Ученый педант П. В. Фаворов в комментарии «Афиши» занятно связал интригу с двумя классическими стандартами английской словесности - сюжетами о Джеке-потрошителе и о закрытых школах для мальчиков. Дерзну оспорить почтенного книжника с позиций обществоведа: корни авантюрной драмы представляются гораздо ближе - в охватившей все пионерлагеря Подмосковья 80-х гг. ХХ века истории охоты на маньяка Фишера, промышлявшего свежеванием беспечных пионеров. Поучаствовав в событиях как в роли пионера-80, так и в чине вожатого-87 (органы наши и в те годы не отличались расторопностью), свидетельствую: будучи перманентным кошмаром вожатских бдений, маньяк служил сверхвоодушевляющим сюжетом пионерских спален, где замышлялись самые прелюбопытные способы поимки нехристя. Конечно, запасанием веревок, мешков и капканов баловались преимущественно октябрята, но и среди старших гулял сладкий холодок сопричастности черному ужасу на крыльях теплой ночи.

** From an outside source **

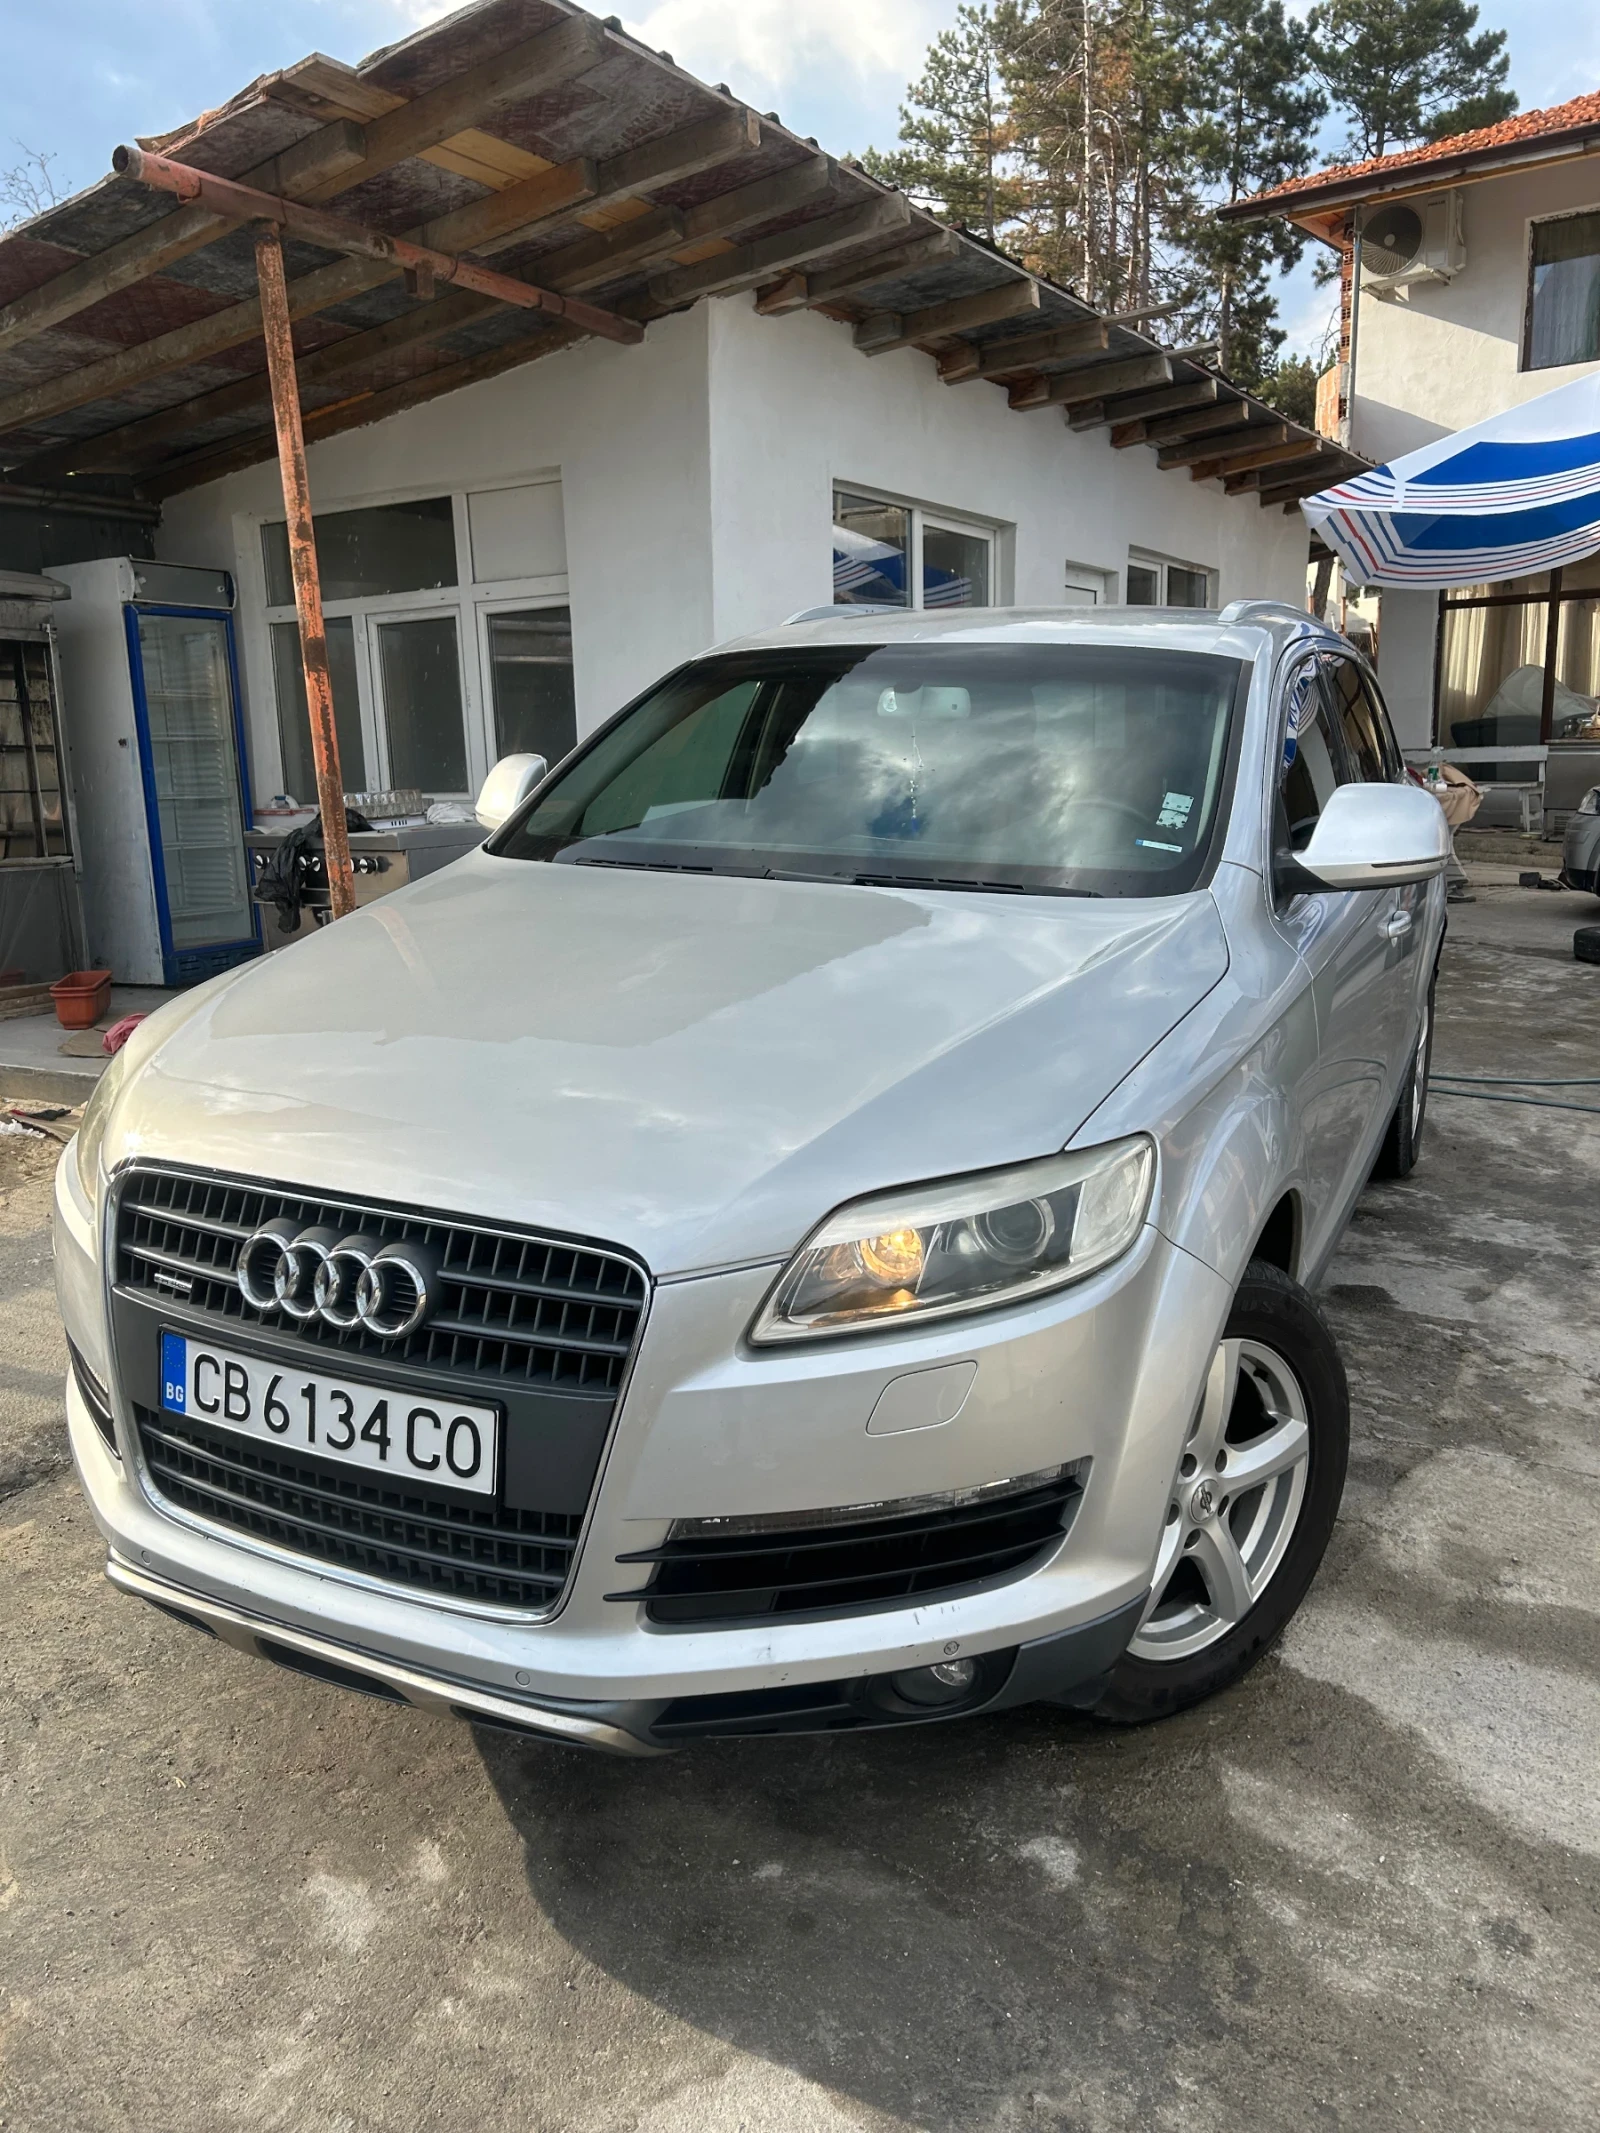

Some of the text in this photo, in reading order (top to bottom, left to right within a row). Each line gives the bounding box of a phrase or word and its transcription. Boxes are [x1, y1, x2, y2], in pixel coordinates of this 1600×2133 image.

Нанизав часы ученичества, добрую память о первых чарках, виршах, шашнях и контрах на всамделишную интригу человекоубийства в унылых парках государевой резиденции, сценарист Миропольский и режиссер Пуустумаа уцепили за хвост синюю птицу народного интереса. Известно: убедительнейшие портреты былого вырастают из сущих безделиц. Памятником России 50-х навек останется пустяшный мело-эпос «Москва слезам не верит»; первая из раздавленных в новейшей истории партизанских войн - басмаческое движение в Туркестане - намертво запечатлелась в памяти народной трагиводевилем о буднях гарема «Белое солнце пустыни». В «Гусарской балладе» о 1812 годе сказано больше и доходчивей, чем в бондарчуковской «Войне и мире». В век увядшего логоса и торжествующей картинки низкие жанры управляют историей, Акунин весомее Карамзина; одна лишь заповедь «Не завирайся» тусклым златом проступает на штандартах костюмного кино.